So lautet der klare Apell der internationalen Städtekommission.

Vergangene Woche tagte die internationale Städtekommission des World Future Council (WFC) und der Hamburger HafenCity Universität (HCU) im Hamburg. Der Abschlussbericht: Die Städte sind noch lange nicht gerüstet für den Klimawandel und die Energiewende. Es besteht dringender Handlungsbedarf in den Ballungszentren, die als Hauptverantwortliche für den Klimawandel gerade stehen müssen.
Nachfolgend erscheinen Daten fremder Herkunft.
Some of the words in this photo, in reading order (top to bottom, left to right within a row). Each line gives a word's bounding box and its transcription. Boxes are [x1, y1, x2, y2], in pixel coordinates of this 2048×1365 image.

Sowohl in den Industrieländern, als auch zunehmend in Entwicklungsländern sind die Städte fast ausschließlich von fossilen Brennstoffen abhängig – ganze 80% aller Rohstoffe werden in den Städten verbraucht, und immer noch sind die Zentren nicht gewappnet für die Umstellung auf erneuerbare Energiequellen. Die Internationale Expertenrunde fordert eine drastische Beschleunigung der Umstrukturierung zu 100% Alternativenergie.
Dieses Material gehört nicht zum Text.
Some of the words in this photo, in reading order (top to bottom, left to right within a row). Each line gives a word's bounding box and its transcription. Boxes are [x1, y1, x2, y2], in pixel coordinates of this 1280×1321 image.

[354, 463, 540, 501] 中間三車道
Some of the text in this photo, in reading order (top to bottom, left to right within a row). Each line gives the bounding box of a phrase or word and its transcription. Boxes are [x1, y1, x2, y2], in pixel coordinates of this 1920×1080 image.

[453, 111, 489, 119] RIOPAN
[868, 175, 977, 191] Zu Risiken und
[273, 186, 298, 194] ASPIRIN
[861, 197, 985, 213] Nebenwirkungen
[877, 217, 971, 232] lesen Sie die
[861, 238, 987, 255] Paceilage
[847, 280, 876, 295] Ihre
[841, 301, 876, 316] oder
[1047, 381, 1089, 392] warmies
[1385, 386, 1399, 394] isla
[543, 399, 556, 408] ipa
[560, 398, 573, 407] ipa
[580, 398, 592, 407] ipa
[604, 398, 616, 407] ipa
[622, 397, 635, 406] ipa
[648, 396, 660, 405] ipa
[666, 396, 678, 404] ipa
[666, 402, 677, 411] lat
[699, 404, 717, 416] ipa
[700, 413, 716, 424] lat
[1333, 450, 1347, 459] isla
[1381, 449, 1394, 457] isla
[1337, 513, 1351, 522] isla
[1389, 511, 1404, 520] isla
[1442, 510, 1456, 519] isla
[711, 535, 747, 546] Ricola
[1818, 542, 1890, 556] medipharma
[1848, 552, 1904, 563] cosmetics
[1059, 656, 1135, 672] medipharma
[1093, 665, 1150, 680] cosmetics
Einen Aktionsplan zur Umsetzung dieses Ziels hat die Städtekommission bereits ausgearbeitet. Er beinhaltet einen Aufruf an nationale Regierungen, den Ernst der Lage und den Handlungsbedarf wahrzunehmen und Pläne zur Realisierung für die komplette Energieversorgung aus nachhaltigen Quellen für die Städte zu entwickeln. Herbert Girardet, Programmdirektor des WFC, erklärt weshalb die Städte Opfer und Täter zugleich sind: „Sie schaufeln sich ihr eigenes Grab, weil sie häufig in der Nähe von Küsten liegen und besonders bedroht sind von den Folgen des Klimawandels wie extrem starken Stürmen und steigenden Meeresspiegeln.“ Daher müsse sich die Aufmerksamkeit beim weltweiten Ausbau erneuerbarer Energien insbesondere auf die zukunftsfähige Energieversorgung von Städten richten.

Hauptanteil an den CO2-Emissionen in Städten trägt die Stromerzeugung mit fossilen Brennstoffen, der städtische Verkehr und schlecht gedämmte Gebäude. Die Städtekommission kreidet den nationalen Regierungen mangelndes Dringlichkeitsbewusstsein und zu geringe Kompetenz bei den Richtlinien als Gründe für die langsame Entwicklung der Energiewende an. Derselben Meinung ist auch UN-Habitat, das Wohn- und Siedlungsprogramm der UN, und erklärt damit auch die falsche Prioritätensetzung bei der Verteilung der städtischen Finanzen, wo es immer noch oftmals heißt, dass für Klimaschutz kein Geld da sei. „Erneuerbare Energien und Maßnahmen zur Energieeinsparung sind kein Luxus sondern Überlebensstrategie.“, bringt der Chef der Strategischen Planung bei UN-Habitat die Wichtigkeit der Umstellung auf den Punkt.